Metabolic Unit, Department of Clinical Chemistry, VU University Medical Center, 1081 HV Amsterdam, Netherlands.
Science. 2010 Oct 15;330(6002):336. doi: 10.1126/science.1192632. Epub 2010 Sep 16.
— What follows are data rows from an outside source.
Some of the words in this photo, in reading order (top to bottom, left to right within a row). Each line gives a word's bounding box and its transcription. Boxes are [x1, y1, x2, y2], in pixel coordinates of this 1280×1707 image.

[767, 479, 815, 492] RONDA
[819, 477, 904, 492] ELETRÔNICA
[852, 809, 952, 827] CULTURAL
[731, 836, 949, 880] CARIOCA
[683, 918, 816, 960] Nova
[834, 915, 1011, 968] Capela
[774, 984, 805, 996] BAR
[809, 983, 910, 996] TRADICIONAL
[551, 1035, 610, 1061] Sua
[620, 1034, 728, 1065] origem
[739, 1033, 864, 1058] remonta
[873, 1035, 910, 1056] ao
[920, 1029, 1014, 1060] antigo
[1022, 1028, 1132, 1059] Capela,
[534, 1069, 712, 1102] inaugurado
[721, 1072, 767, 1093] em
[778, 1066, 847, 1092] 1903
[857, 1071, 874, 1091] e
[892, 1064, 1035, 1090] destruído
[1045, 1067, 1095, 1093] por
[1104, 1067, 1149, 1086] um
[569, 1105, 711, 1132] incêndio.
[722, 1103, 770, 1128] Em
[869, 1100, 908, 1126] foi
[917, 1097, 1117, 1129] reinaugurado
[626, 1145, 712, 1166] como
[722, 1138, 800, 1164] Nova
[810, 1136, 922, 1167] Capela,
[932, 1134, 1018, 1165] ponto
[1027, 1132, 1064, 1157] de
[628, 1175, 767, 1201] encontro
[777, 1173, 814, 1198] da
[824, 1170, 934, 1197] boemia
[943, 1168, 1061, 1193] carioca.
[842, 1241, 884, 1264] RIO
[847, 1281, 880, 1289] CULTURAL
Heterozygous somatic mutations in the genes encoding isocitrate dehydrogenase-1 and -2 (IDH1 and IDH2) were recently discovered in human neoplastic disorders. These mutations disable the enzymes' normal ability to convert isocitrate to 2-ketoglutarate (2-KG) and confer on the enzymes a new function: the ability to convert 2-KG to d-2-hydroxyglutarate (D-2-HG). We have detected heterozygous germline mutations in IDH2 that alter enzyme residue Arg(140) in 15 unrelated patients with d-2-hydroxyglutaric aciduria (D-2-HGA), a rare neurometabolic disorder characterized by supraphysiological levels of D-2-HG. These findings provide additional impetus for investigating the role of D-2-HG in the pathophysiology of metabolic disease and cancer.
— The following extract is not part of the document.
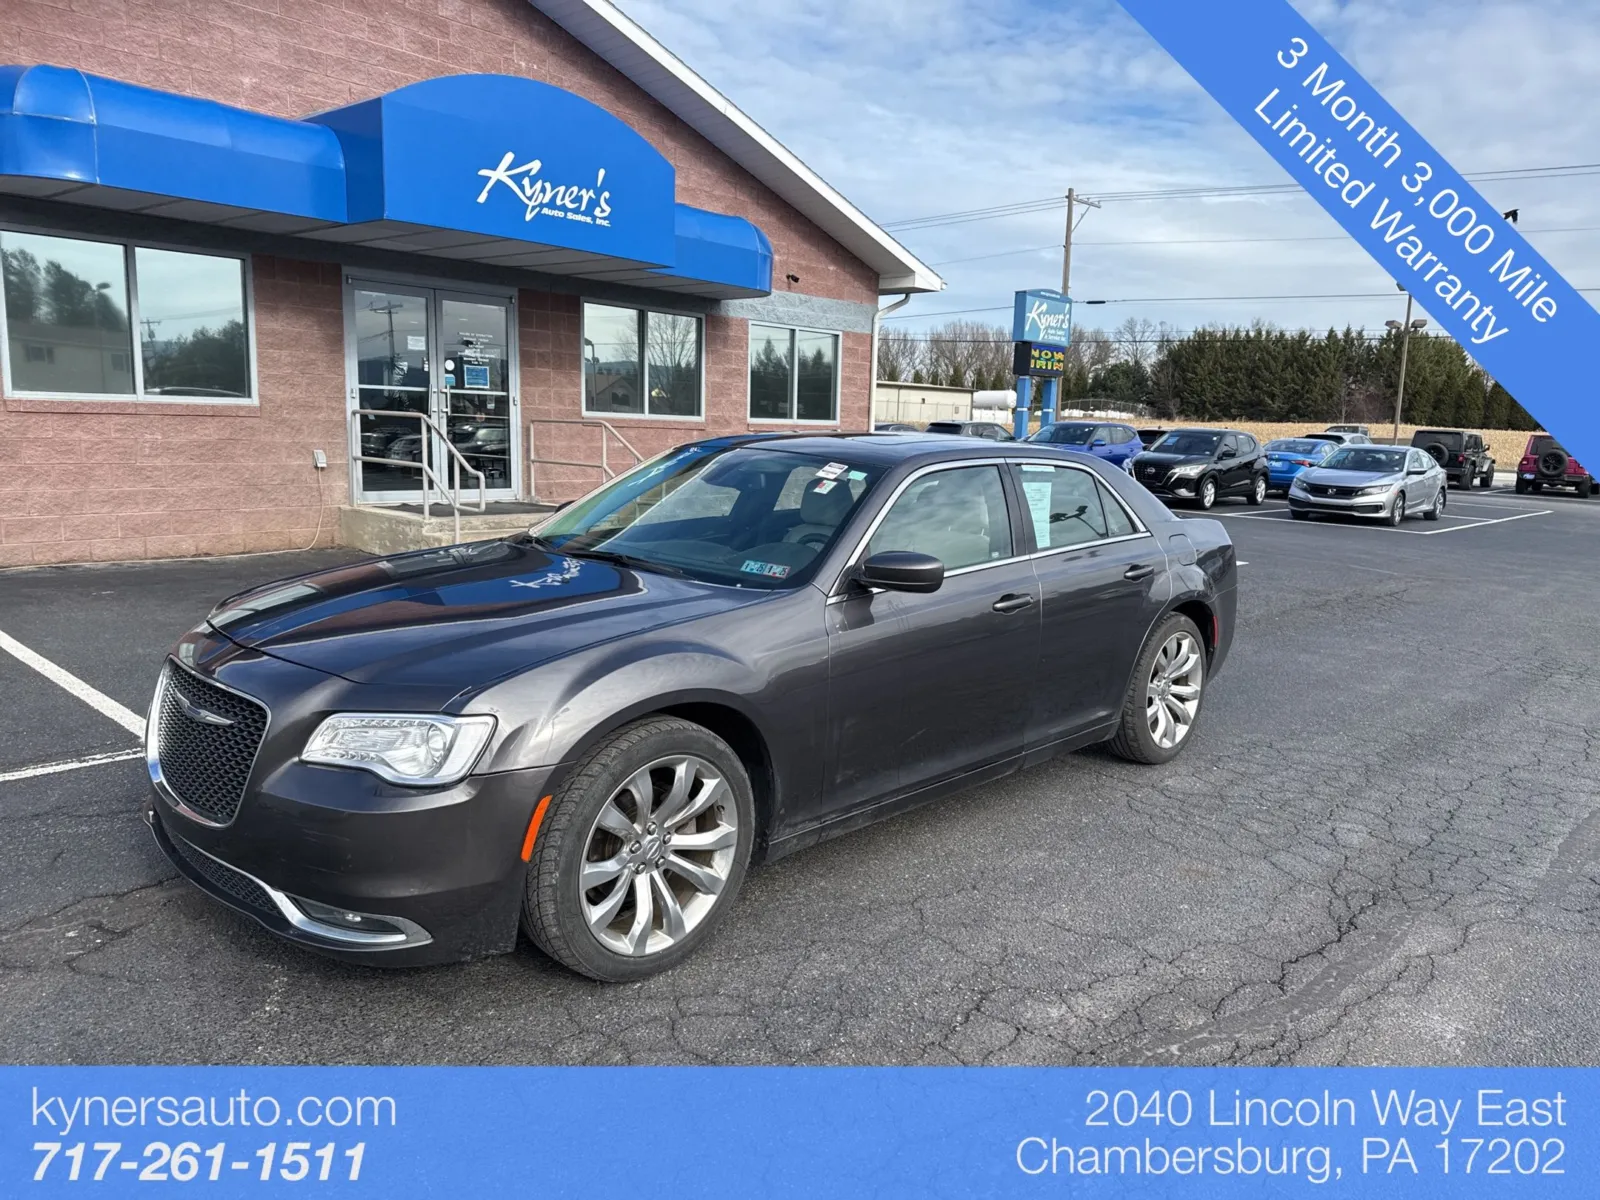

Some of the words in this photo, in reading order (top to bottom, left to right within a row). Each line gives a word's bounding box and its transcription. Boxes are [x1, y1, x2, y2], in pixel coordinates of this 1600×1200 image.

[476, 151, 612, 222] Kyner's
[541, 207, 565, 218] Auto
[1025, 300, 1070, 341] Kyner's
[1031, 348, 1065, 360] NOW
异柠檬酸脱氢酶-1 和 -2(IDH1 和 IDH2)基因的杂合体细胞突变最近在人类肿瘤疾病中被发现。这些突变使酶失去将异柠檬酸转化为 2-酮戊二酸(2-KG)的正常能力,并赋予酶新的功能:将 2-KG 转化为 D-2-羟基戊二酸(D-2-HG)的能力。我们在 15 名患有 D-2-羟戊二酸尿症(D-2-HGA)的无关联患者中检测到 IDH2 的异合性子代突变,该疾病是一种罕见的神经代谢疾病,其特点是 D-2-HG 的生理水平升高。这些发现为研究 D-2-HG 在代谢性疾病和癌症的病理生理学中的作用提供了更多动力。